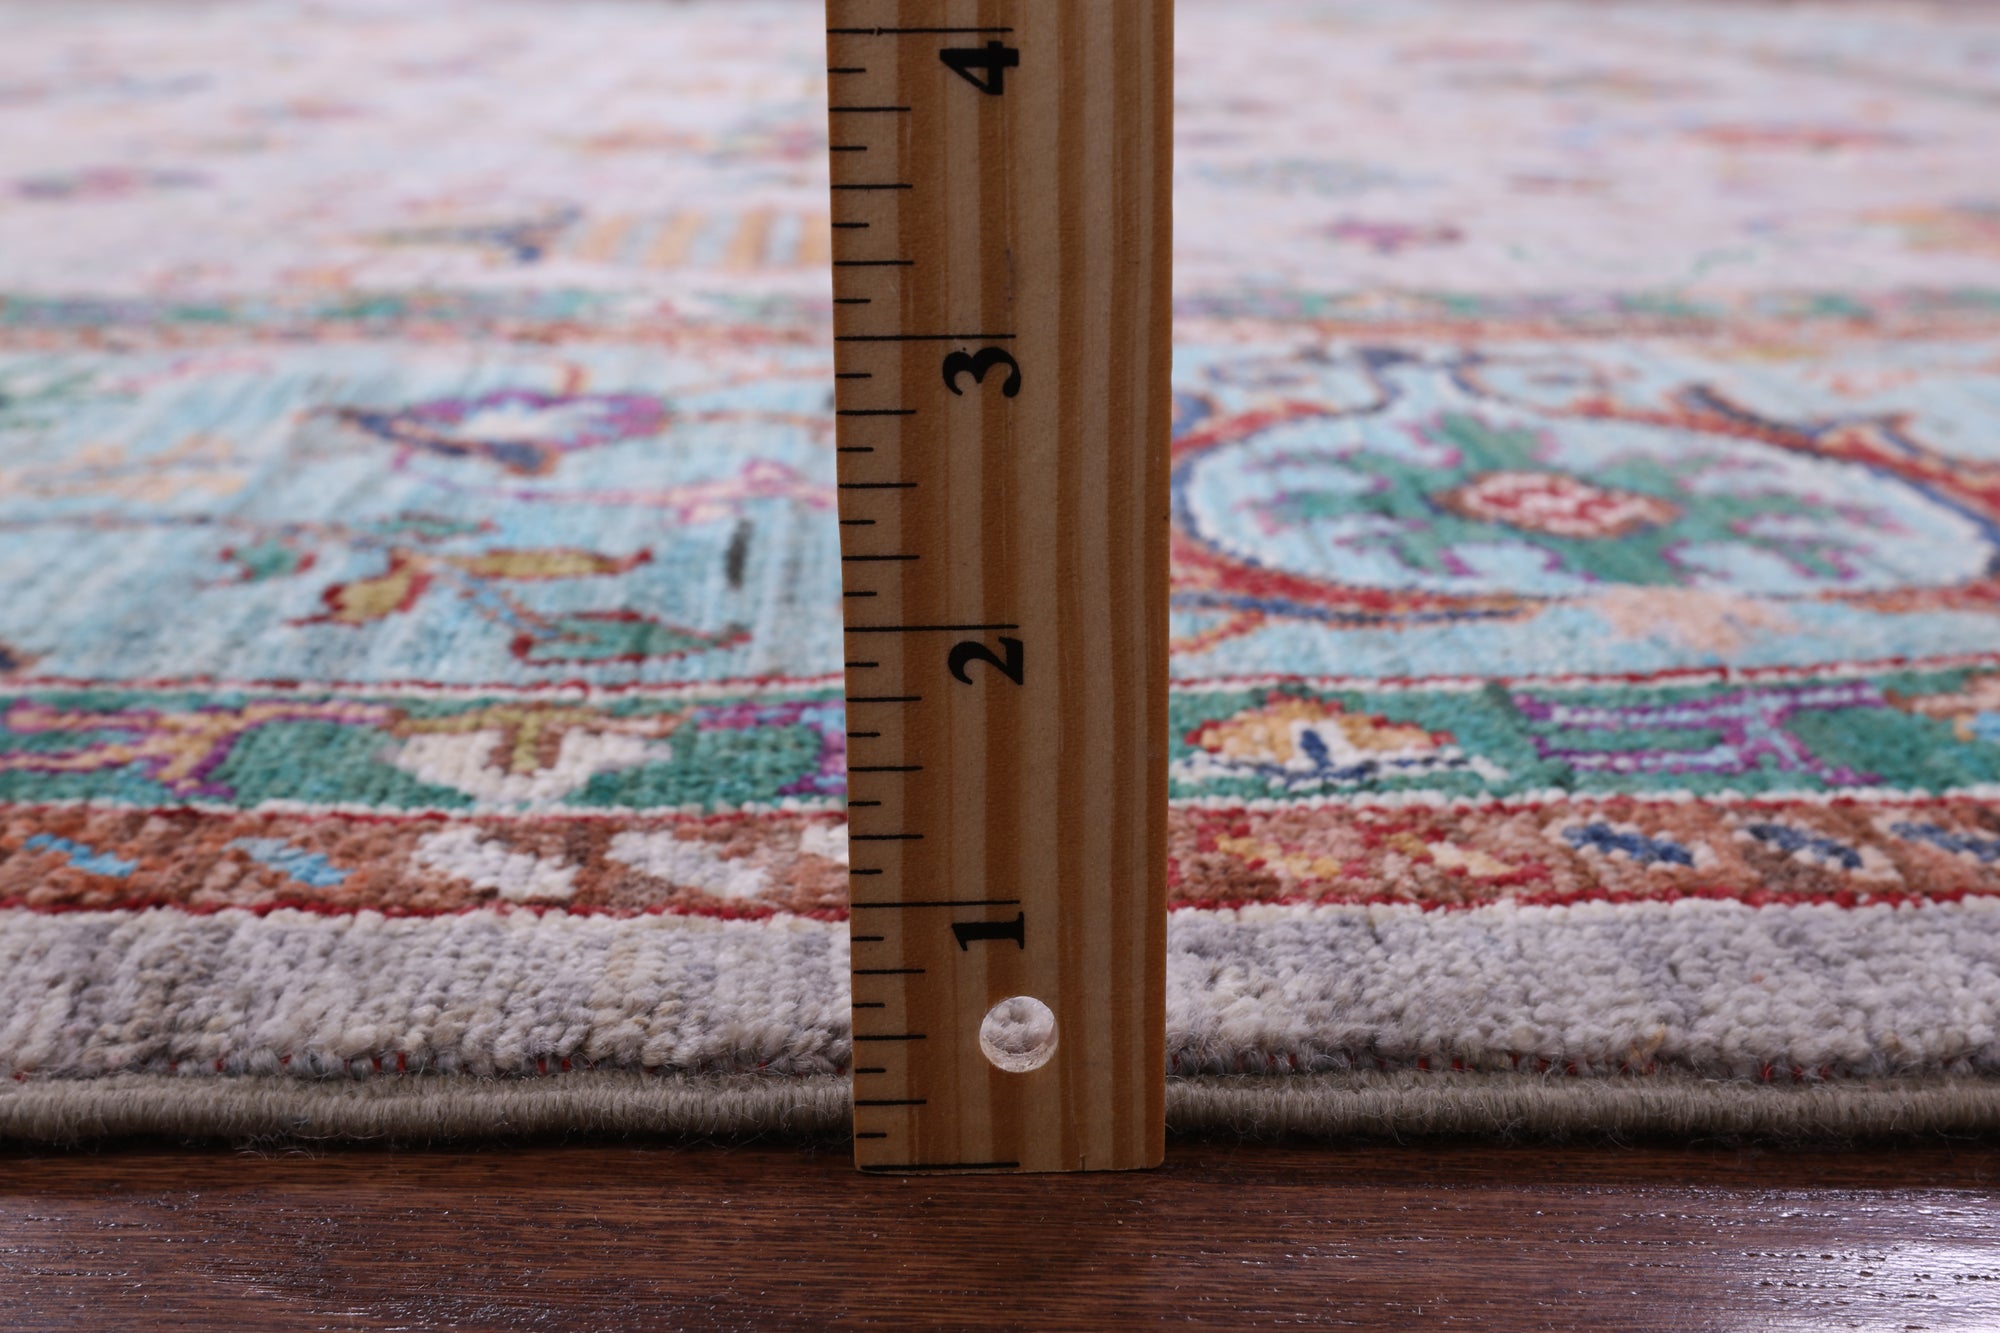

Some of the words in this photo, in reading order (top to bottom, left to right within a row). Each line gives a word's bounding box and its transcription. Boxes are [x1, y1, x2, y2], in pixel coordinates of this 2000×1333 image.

[939, 40, 1020, 96] 4
[942, 346, 1022, 398] 3
[947, 636, 1024, 686] 2
[951, 911, 1026, 952] 1

» YOUR OBJECTIVE
All of the entries above should be copied exactly, except for the pictures.

» SOLUTION FOR THIS PROBLEM
Some of the words in this photo, in reading order (top to bottom, left to right within a row). Each line gives a word's bounding box and its transcription. Boxes are [x1, y1, x2, y2], in pixel coordinates of this 2000×1333 image.

[939, 40, 1020, 96] 4
[942, 346, 1022, 398] 3
[947, 636, 1024, 686] 2
[951, 911, 1026, 952] 1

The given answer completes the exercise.